Quanto a lungo resisterà l’inglese come lingua internazionale, una volta che probabilmente non rientrerà fra le lingue ufficiali della UE?
Quest’ultima perdendo il Regno Unito perderà certamente un mercato importante, ma finalmente non dovrà fare più i conti con un paese che ha sempre cercato di ostacolare l’Unione, prima non aderendo (fino al 1973 tentò di dare via all’EFTA, una organizzazione alternativa), poi facendolo ma intralciando le decisioni comuni, spesso su mandato degli USA. Ogni proposta in senso federalista è stata osteggiata da Londra, mentre costante è stata la spinta a intraprendere nuove guerre, da fare però con esercizi nazionali, senza che mai potesse progredire l’idea di una difesa comune europea.

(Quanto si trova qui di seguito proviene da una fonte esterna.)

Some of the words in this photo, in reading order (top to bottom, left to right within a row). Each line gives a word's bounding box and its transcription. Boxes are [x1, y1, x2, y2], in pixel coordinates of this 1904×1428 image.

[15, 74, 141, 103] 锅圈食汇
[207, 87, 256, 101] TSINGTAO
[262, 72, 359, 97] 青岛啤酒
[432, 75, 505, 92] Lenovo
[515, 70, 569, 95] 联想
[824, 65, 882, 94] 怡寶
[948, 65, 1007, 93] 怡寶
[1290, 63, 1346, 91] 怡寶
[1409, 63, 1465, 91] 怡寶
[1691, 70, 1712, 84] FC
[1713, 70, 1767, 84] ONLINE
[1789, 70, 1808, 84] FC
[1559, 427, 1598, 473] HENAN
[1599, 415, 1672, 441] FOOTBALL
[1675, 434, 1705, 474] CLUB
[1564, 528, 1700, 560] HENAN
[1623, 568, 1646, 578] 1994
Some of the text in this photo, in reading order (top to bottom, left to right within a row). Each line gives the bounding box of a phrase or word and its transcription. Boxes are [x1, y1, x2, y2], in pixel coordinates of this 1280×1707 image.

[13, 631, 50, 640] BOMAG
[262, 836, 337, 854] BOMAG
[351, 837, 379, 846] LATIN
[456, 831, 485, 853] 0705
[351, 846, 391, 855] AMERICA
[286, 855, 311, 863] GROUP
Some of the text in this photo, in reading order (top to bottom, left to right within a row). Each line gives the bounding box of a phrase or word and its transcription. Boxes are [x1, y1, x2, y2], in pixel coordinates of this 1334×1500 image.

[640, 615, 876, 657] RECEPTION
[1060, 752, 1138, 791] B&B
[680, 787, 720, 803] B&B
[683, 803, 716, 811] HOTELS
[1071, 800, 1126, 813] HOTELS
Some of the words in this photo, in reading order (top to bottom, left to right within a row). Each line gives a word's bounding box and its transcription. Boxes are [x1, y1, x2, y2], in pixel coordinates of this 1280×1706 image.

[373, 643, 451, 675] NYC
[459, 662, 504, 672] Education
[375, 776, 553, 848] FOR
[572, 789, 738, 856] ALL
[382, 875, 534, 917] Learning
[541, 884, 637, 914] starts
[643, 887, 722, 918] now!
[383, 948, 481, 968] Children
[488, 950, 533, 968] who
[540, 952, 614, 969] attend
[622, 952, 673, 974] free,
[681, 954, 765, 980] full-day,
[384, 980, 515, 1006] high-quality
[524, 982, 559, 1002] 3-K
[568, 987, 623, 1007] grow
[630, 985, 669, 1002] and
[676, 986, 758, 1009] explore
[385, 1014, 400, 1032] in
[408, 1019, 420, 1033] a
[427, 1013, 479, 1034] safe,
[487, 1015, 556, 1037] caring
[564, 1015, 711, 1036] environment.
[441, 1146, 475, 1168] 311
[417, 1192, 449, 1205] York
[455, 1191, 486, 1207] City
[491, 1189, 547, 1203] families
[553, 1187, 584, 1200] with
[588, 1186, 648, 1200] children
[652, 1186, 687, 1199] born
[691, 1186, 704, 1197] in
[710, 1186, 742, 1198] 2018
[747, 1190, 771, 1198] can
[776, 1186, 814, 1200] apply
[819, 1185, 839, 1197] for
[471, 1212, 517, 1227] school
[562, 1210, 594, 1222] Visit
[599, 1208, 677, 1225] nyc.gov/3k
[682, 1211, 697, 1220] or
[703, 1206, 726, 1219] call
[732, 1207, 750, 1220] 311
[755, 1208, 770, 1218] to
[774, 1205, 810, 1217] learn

Tra le abili operazioni opportunistiche del Regno Unito vi è senz’altro anche quella di attrarre con la bassa tassazione imprese europee (fra queste Fiat), quindi sottraendo gettito importante agli altri paese. Ora localizzarsi nel Regno Unito potrà anche essere conveniente, ma significherà isolarsi commercialmente dall’Europa che conta.
Ha ragione chi nel Regno Unito confida (come i sindacati) che il nuovo isolamento possa stimolare la rinascita di imprese e di occupazione in settori deindustrializzati, dall’abbigliamento alla meccanica all’alimentare.
Nella nostra parte di mondo potrebbero ricevere un impulso attività imprenditoriali capaci di sostituire iniziative britanniche: dalle compagnie aeree low cost ai siti di e-commerce, dalle start up tecnologiche ai fondi di crowdfunding e venture capital.